I am a baby and I’m in a crib in a very dark room. Something has jolted me awake quite suddenly. I feel as if I have been lifted and then very gently dropped, a curious sensation but not unpleasant. There is another baby in here with me. We are in what must have passed for twin cribs in those days - a large square double size crib with a divider in the middle, making one crib for two babies. The other baby in the crib is my twin brother, but of course I don’t know that yet. All I know is that he is sitting up in that adorable way that babies do and crying. I want to comfort him. I wonder what is happening. I crawl to the divider and stand, holding myself up with both hands on the railing. My legs feel weak, shaky, unstable. I’m not scared, just curious, and I have this overwhelming desire to soothe the other baby. The room is dark, my brother is crying. Suddenly a shaft of warm yellow light streams into the room, bright and welcome. Help is on its way. I turn toward the light, the door is opening, and that’s it.

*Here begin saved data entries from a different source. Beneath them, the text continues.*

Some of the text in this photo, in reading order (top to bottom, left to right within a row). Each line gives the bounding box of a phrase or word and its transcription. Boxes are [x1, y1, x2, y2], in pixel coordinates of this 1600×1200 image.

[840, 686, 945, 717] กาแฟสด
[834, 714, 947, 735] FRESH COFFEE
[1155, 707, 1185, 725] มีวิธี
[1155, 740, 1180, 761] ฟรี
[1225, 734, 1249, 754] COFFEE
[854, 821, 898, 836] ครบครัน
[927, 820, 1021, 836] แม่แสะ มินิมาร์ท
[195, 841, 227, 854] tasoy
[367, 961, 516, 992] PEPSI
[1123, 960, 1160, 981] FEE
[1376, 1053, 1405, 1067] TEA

I don’t have another clear memory until age four when I am playing on some swings and loving the feeling of weightlessness and the cool air rushing past my face and through my wispy floating hair.
But that first memory has always been with me and I recently asked my mother about it. She told me, to my great surprise, that my memory was most likely the earthquake. A small earthquake that rattled Scarsdale, New York (of all places) in 1968. My mother had been downstairs in the kitchen with my older sister when the cups started to rattle and slide across their shelf. “Did you know what it was?” I asked her. “No. Of course not. Earthquakes in Westchester? Whoever heard of such a thing?” “Well what did you do?” I asked. “I made sure your sister was safe and then I ran upstairs to check on you and your brother, but it had stopped. I never felt another one. It was so strange. Why do you ask?” she wondered. “Because I think that is my very first memory” I told her. “Light coming into the room the night of the earthquake. It’s so clear to me” I told her, “like it was yesterday.”

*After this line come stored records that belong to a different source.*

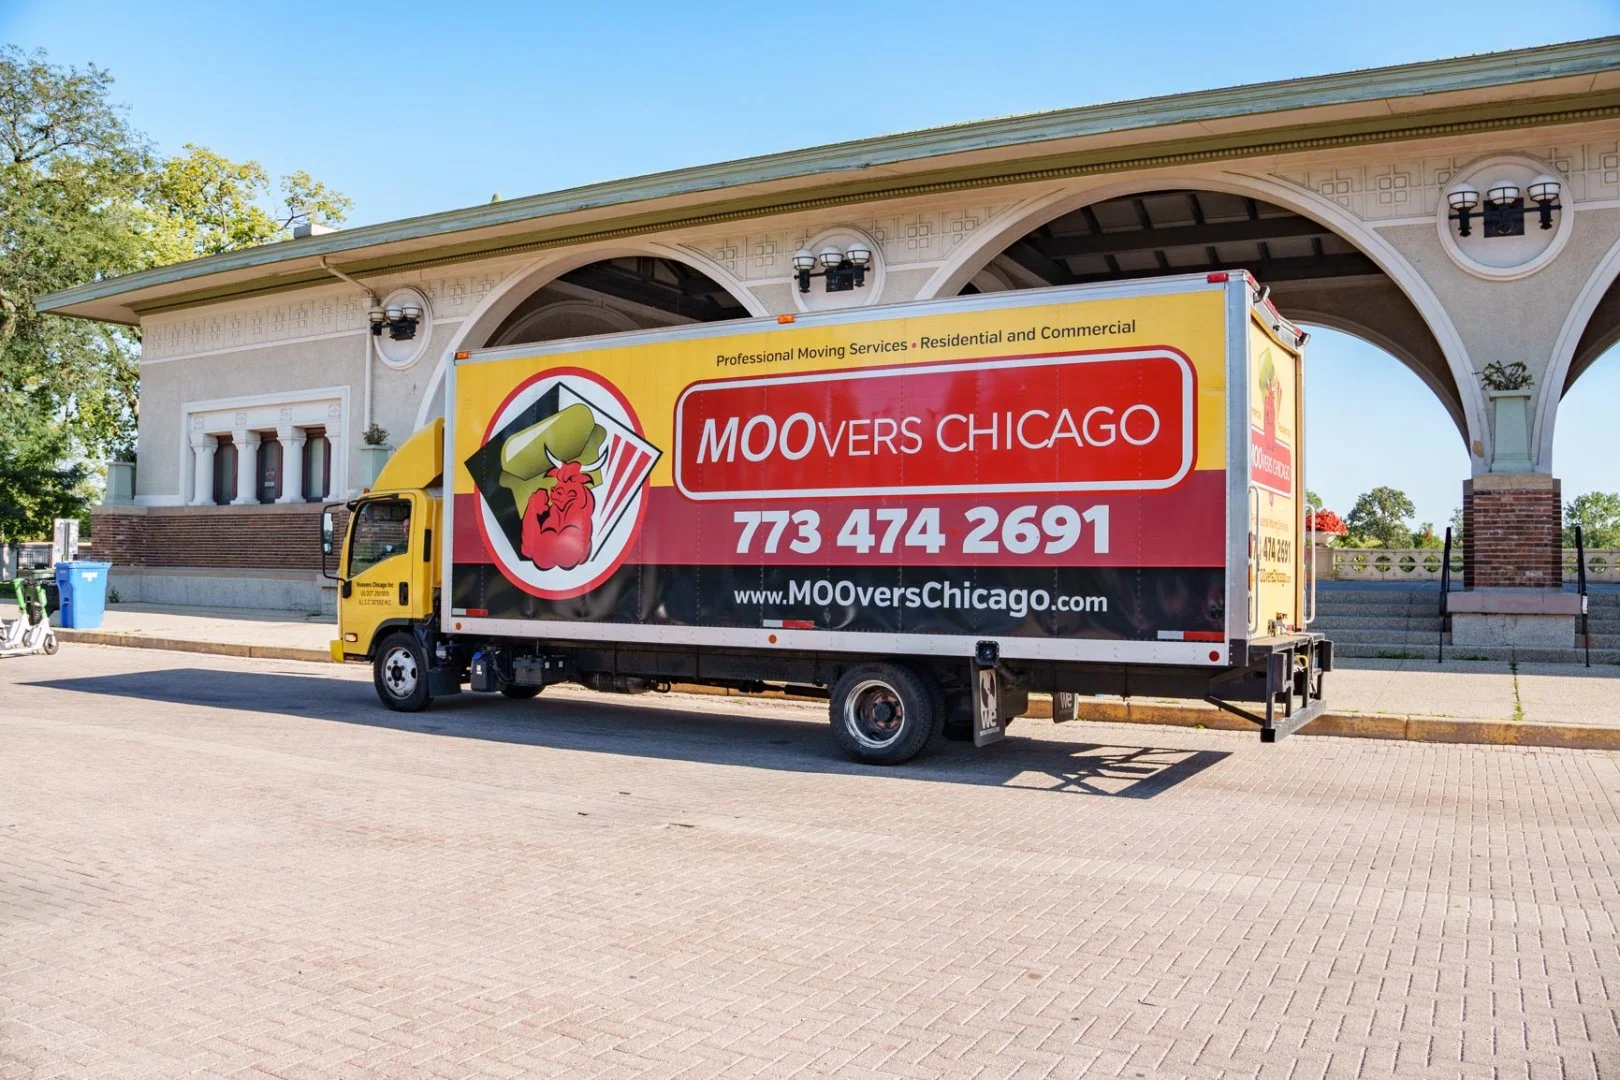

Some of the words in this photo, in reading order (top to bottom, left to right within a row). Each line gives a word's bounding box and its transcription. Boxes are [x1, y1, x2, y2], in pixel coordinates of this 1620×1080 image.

[716, 347, 794, 367] Professional
[797, 345, 846, 360] Moving
[849, 340, 908, 355] Services
[920, 329, 1002, 349] Residential
[1006, 327, 1036, 342] and
[1040, 319, 1136, 340] Commercial
[936, 403, 1161, 453] CHICAGO
[733, 508, 822, 554] 773
[836, 507, 946, 554] 474
[962, 504, 1110, 554] 2691
[1263, 536, 1276, 562] 474
[1276, 538, 1291, 564] 2691
[734, 579, 1108, 618] www.MOOversChicago.com

“That’s impossible.” She shut me down. “You were too young. Babies that young don't have memories.” But I did. But I do. And I want to lay my lifelong anxiety on the fact that my very first memory is of an earthquake in a place where earthquakes don’t happen.
It’s not just that though, and I know it. It’s the faithless, hopeless, alcoholism that runs deep in my veins that used to make me so anxious all the time. I know I am this way because of some perverse twist of my genetic helix but also because I grew up with parents (separated, I think, even before the earthquake) who were both, during my childhood years, profoundly infected with the disease of alcoholism. I don't blame them for this, how could I? I see alcoholism like any other disease. Like diabetes. Would I blame a diabetic for having that disease? No. But would I be sad if they refused to take their insulin? Yes. I would be.

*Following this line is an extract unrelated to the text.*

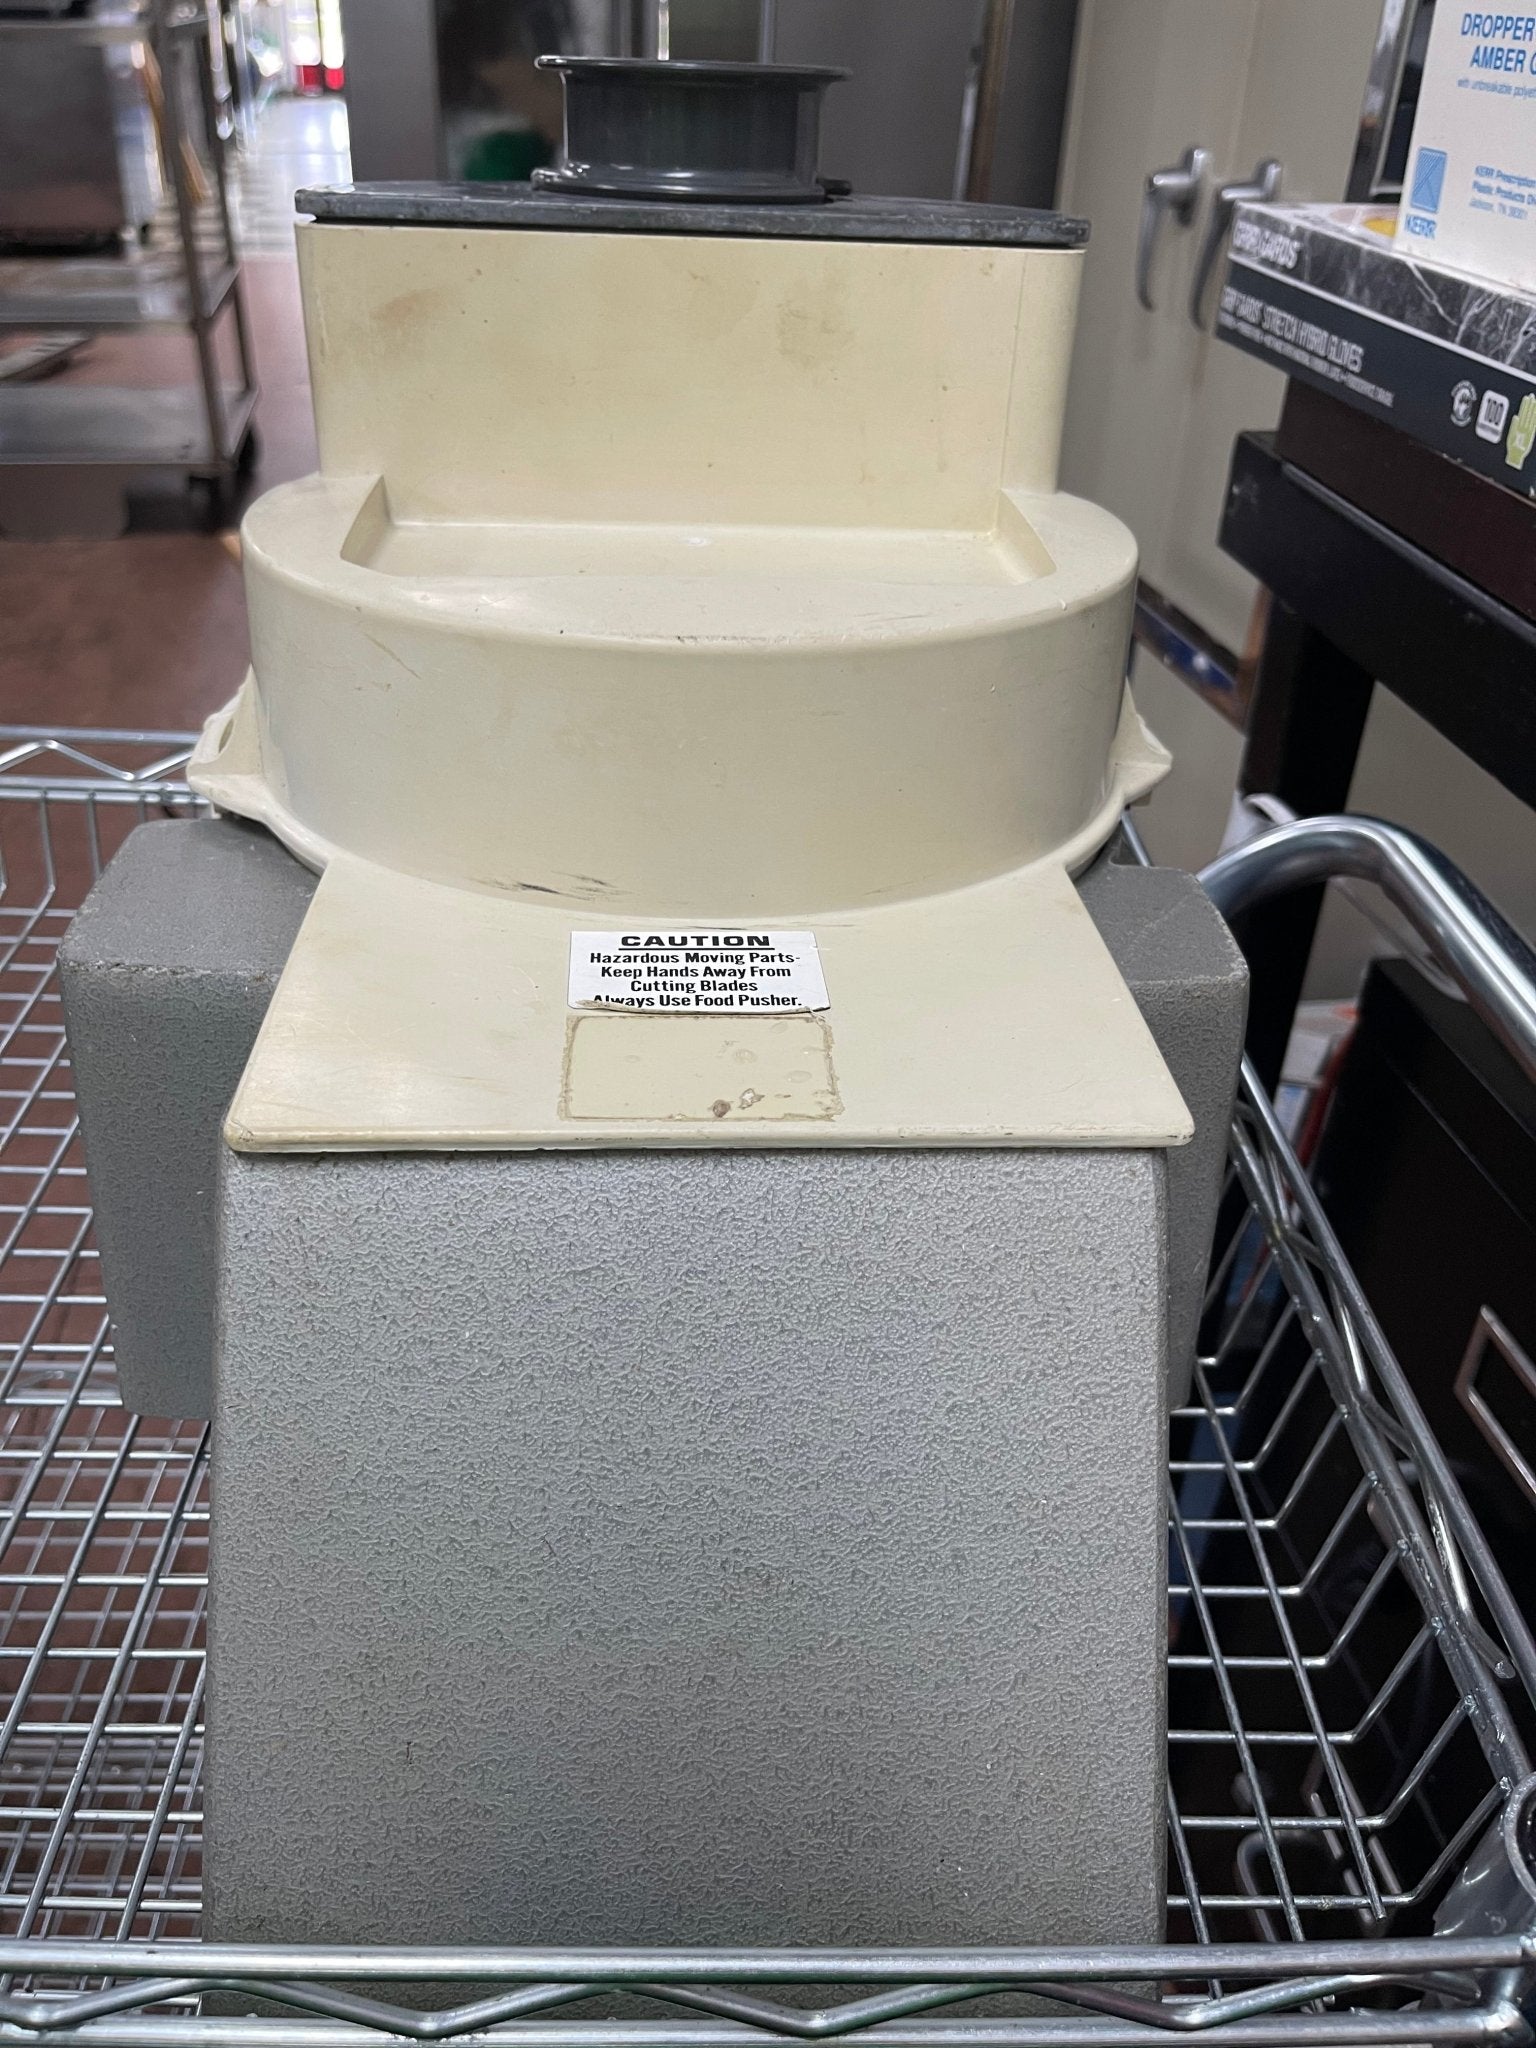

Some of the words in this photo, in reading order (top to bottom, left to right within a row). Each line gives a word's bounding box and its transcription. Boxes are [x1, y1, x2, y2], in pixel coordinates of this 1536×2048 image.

It’s a tense balancing act, living with alcoholism, like walking on eggs, praying to break none. Eggshells would be an easier option, but who cares about walking on eggshells? Eggshells are already broken.
All animals, when threatened, have three options - fight, flight, or freeze. As a child my go-to option was to freeze. Just freeze, be quiet, play dead, until “it” all blew over. It worked pretty well for me for quite a while. But the external freezing made my internals freeze as well. Drugs and alcohol allowed me to unfreeze, to actually thaw a bit. And that warmth, that gentle softening, was what I loved the most.
Years ago, in early recovery and flooded with fear, I spilled my guts to my friend Matt one day while waiting for our A.A. meeting to start. “I drink because I’m scared,” I told him. "Scared of people. Scared of life. Scared of everything really. I’ve always been scared - but I wasn't scared when I drank. All that fear went away when I drank. And now that I’m not drinking it’s all coming back.”
“That happens” Matt told me. “But a drink won’t help you now. That ship has sailed. You know that. It will blot the fear out for a little while, maybe, but never permanently. And never without consequences.”
“So where do you think all this fear of yours comes from anyway?” Matt asked me kindly. “What is the source of that fear?” “It comes from that damn earthquake!” I said, and I told him the story. “If it wasn't for that earthquake scaring the bejesus out of me as an impressionable little baby I could have been normal!” I laughed.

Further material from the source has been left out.